INPUT MATERIAL:
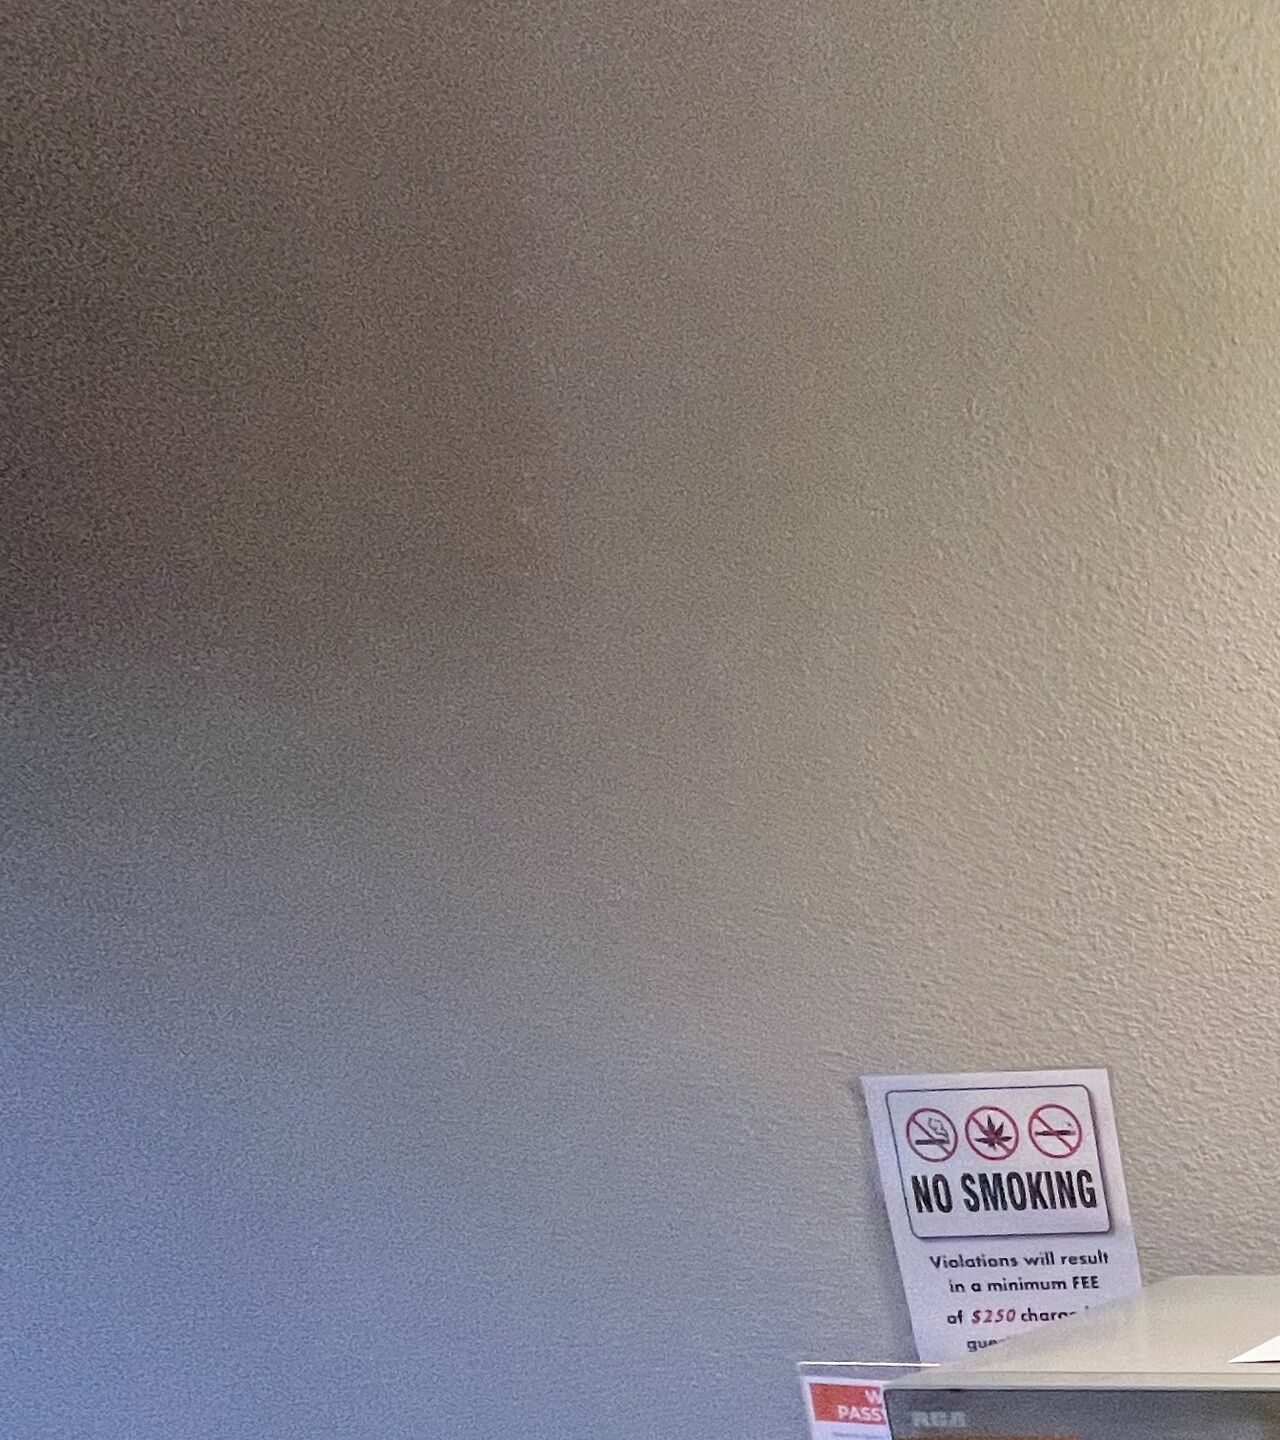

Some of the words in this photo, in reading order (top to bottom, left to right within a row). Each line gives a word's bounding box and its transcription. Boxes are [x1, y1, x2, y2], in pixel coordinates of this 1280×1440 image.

[911, 1174, 953, 1213] NO
[960, 1169, 1098, 1212] SMOKING
[929, 1253, 1019, 1269] Violations
[1024, 1251, 1055, 1266] will
[1060, 1249, 1109, 1265] result
[949, 1279, 965, 1293] in
[971, 1281, 982, 1292] a
[987, 1276, 1067, 1291] minimum
[1072, 1275, 1100, 1290] FEE
[947, 1309, 963, 1325] of
[971, 1308, 1016, 1324] $250
[837, 1405, 887, 1422] PASS
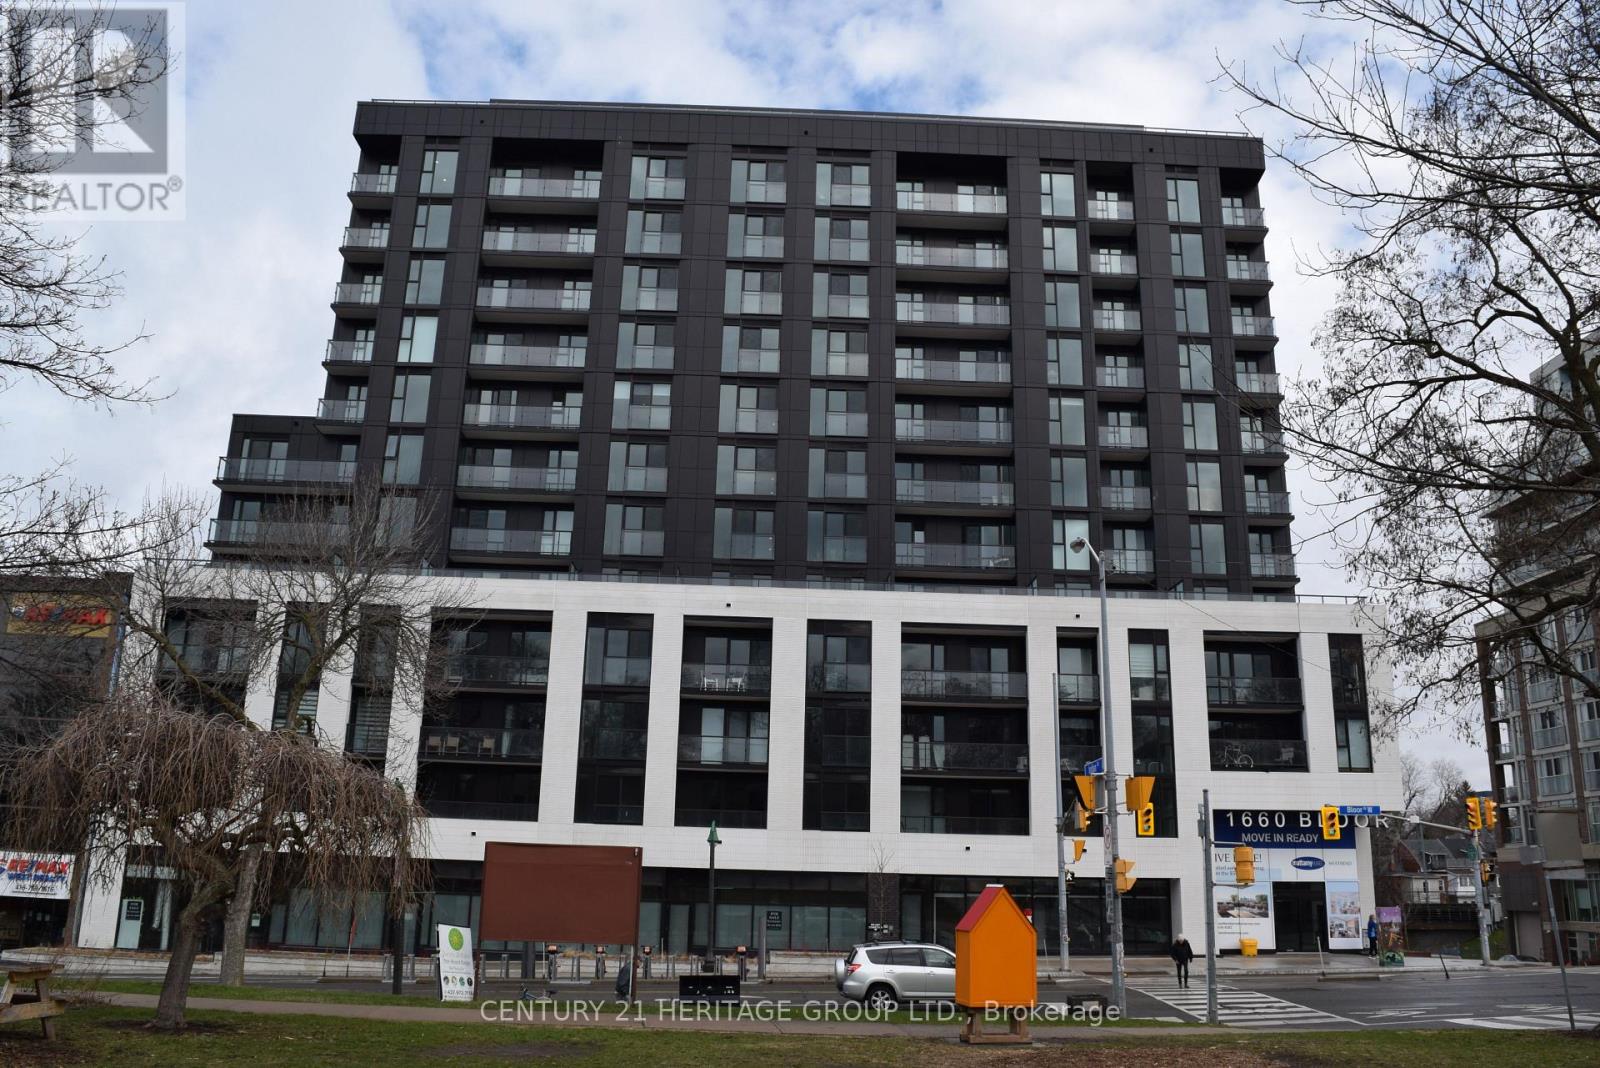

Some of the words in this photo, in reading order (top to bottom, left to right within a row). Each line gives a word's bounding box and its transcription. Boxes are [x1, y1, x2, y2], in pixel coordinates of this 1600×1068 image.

[1226, 811, 1286, 828] 1660
[1241, 833, 1271, 843] MOVE
[1273, 833, 1283, 843] IN
[1286, 833, 1318, 844] READY
[1214, 853, 1230, 863] IVE
[7, 859, 68, 873] RE/MAX
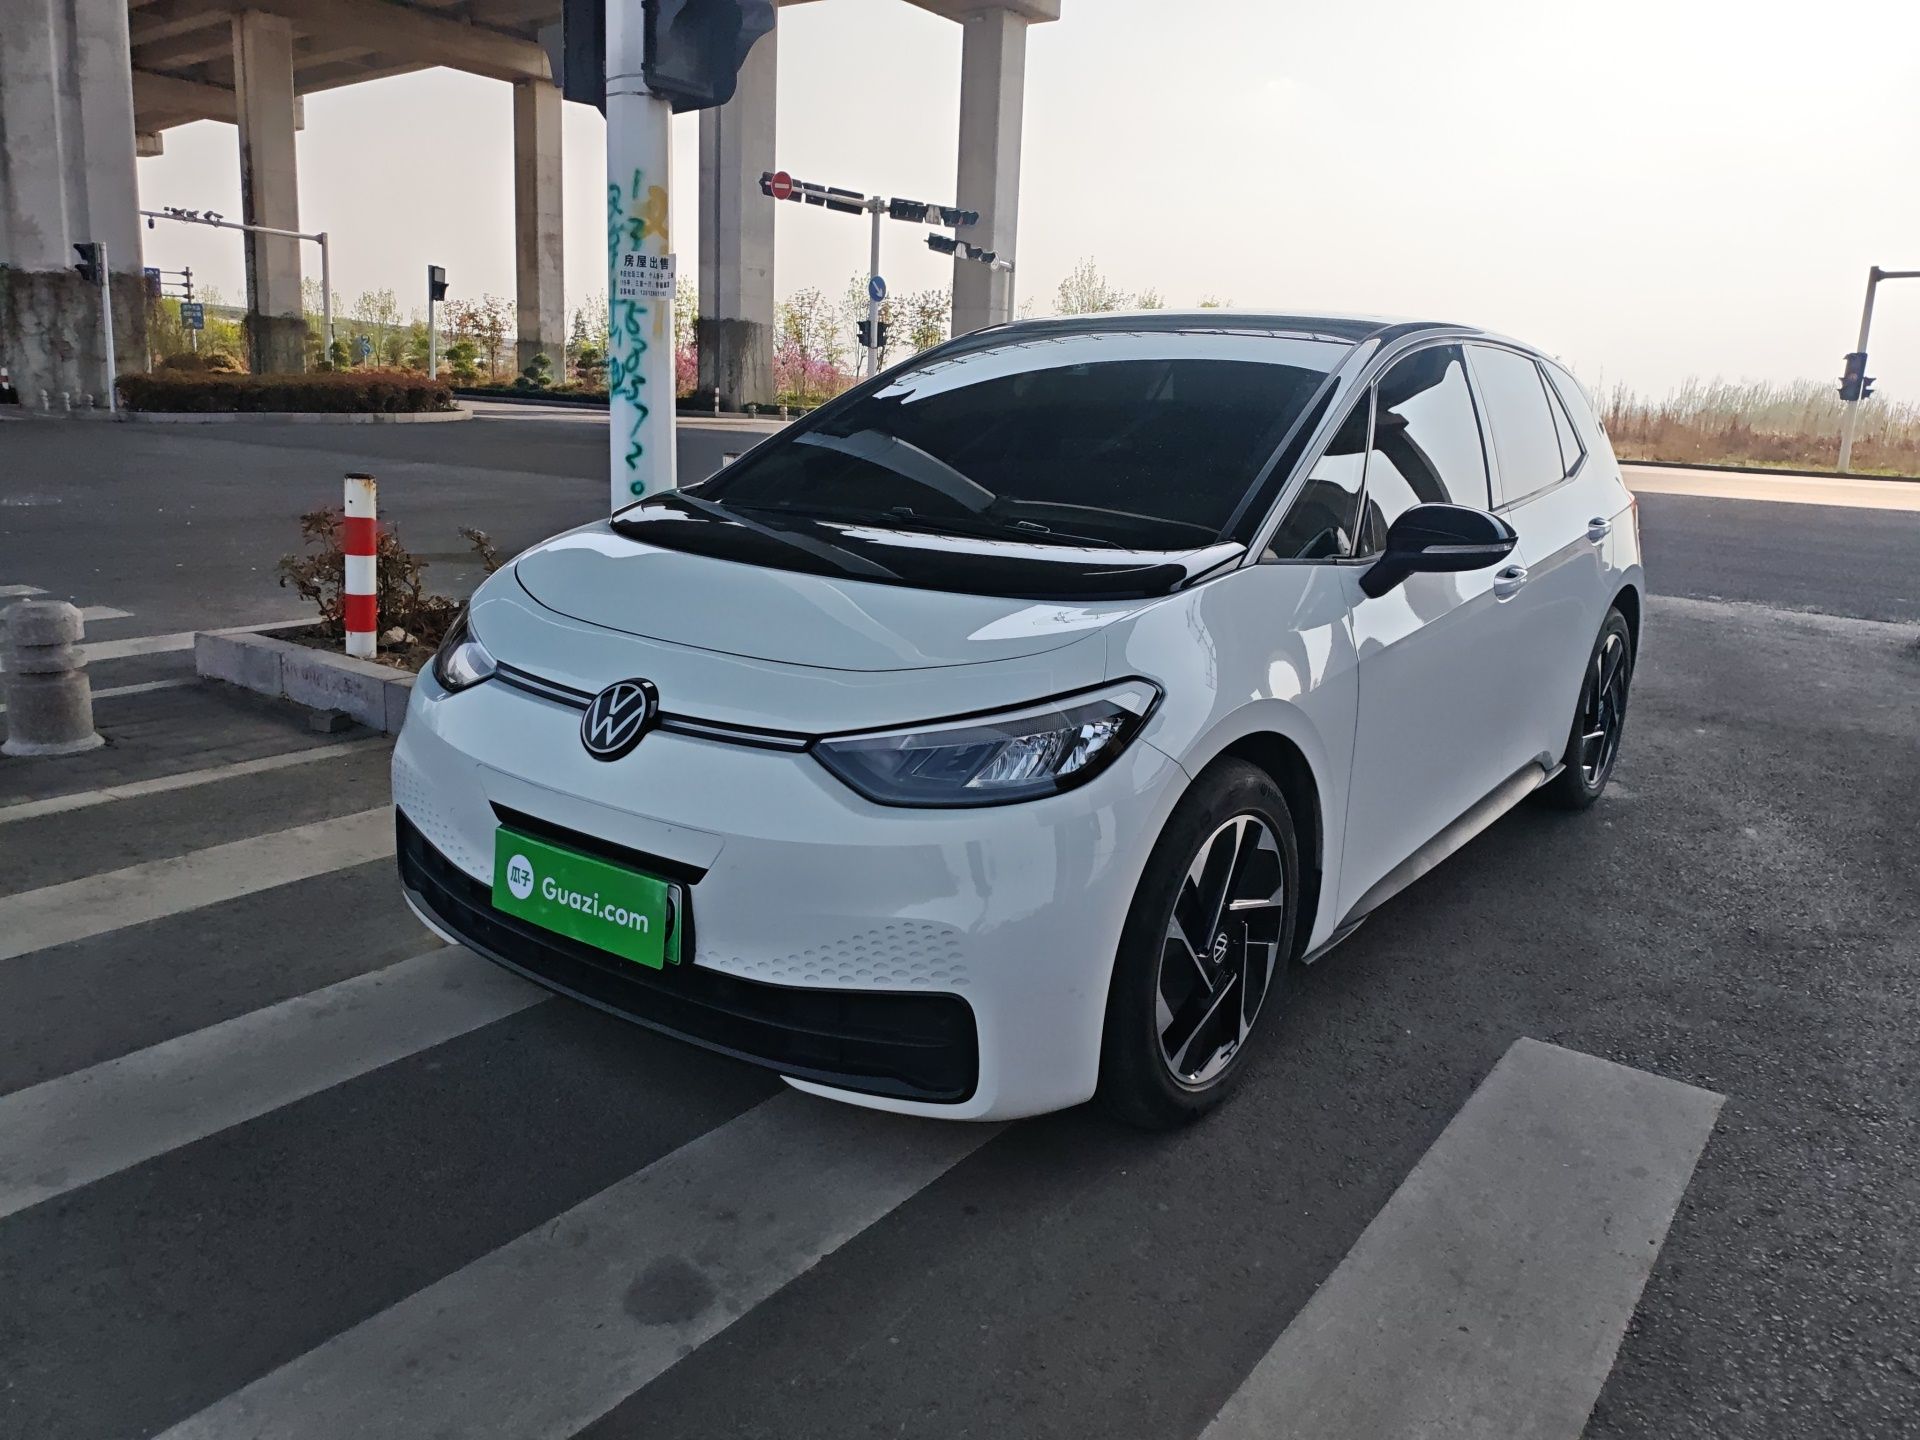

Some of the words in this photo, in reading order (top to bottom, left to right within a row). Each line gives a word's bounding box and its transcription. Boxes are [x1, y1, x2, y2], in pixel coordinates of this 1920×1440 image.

WORK ORDER:
Exclude the pictures and repeat the entries word for word.

EXERCISE ANSWER:
Some of the words in this photo, in reading order (top to bottom, left to right within a row). Each line gives a word's bounding box and its transcription. Boxes are [x1, y1, x2, y2], in pixel coordinates of this 1280×1440 image.

[911, 1174, 953, 1213] NO
[960, 1169, 1098, 1212] SMOKING
[929, 1253, 1019, 1269] Violations
[1024, 1251, 1055, 1266] will
[1060, 1249, 1109, 1265] result
[949, 1279, 965, 1293] in
[971, 1281, 982, 1292] a
[987, 1276, 1067, 1291] minimum
[1072, 1275, 1100, 1290] FEE
[947, 1309, 963, 1325] of
[971, 1308, 1016, 1324] $250
[837, 1405, 887, 1422] PASS

Some of the words in this photo, in reading order (top to bottom, left to right within a row). Each line gives a word's bounding box and its transcription. Boxes are [x1, y1, x2, y2], in pixel coordinates of this 1600×1068 image.

[1226, 811, 1286, 828] 1660
[1241, 833, 1271, 843] MOVE
[1273, 833, 1283, 843] IN
[1286, 833, 1318, 844] READY
[1214, 853, 1230, 863] IVE
[7, 859, 68, 873] RE/MAX

Some of the words in this photo, in reading order (top to bottom, left to right within a row). Each line gives a word's bounding box and its transcription. Boxes are [x1, y1, x2, y2], in pixel coordinates of this 1920×1440 image.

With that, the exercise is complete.